> THE RECORDS:
+++++
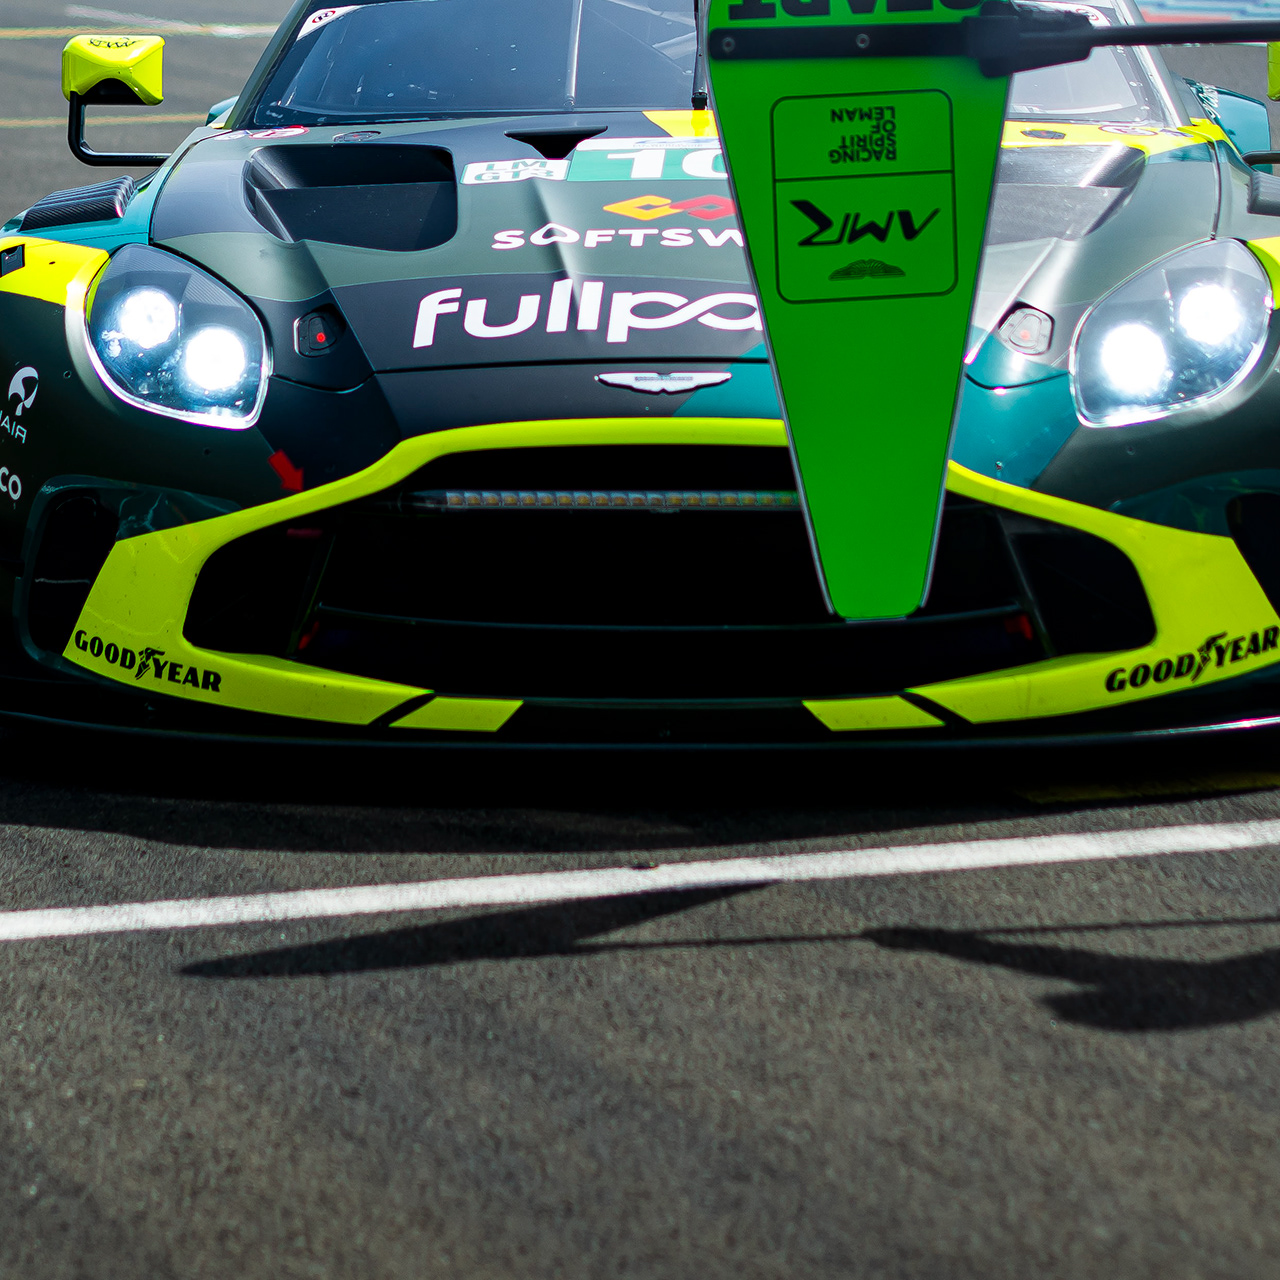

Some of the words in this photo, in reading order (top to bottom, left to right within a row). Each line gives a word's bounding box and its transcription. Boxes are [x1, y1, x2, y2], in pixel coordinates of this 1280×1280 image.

[871, 119, 896, 134] OF
[838, 132, 896, 149] SPIRIT
[828, 147, 897, 164] RACING
[486, 161, 548, 172] LM
[789, 200, 941, 247] AMR
[75, 629, 222, 693] GOODYEAR
[1105, 625, 1280, 694] GOODYEAR
+++++
> WHAT YOU HAVE TO DO: Go through the data and return every word of it verbatim, leaving out the pictures.

> SOLUTION:
Some of the words in this photo, in reading order (top to bottom, left to right within a row). Each line gives a word's bounding box and its transcription. Boxes are [x1, y1, x2, y2], in pixel coordinates of this 1280×1280 image.

[871, 119, 896, 134] OF
[838, 132, 896, 149] SPIRIT
[828, 147, 897, 164] RACING
[486, 161, 548, 172] LM
[789, 200, 941, 247] AMR
[75, 629, 222, 693] GOODYEAR
[1105, 625, 1280, 694] GOODYEAR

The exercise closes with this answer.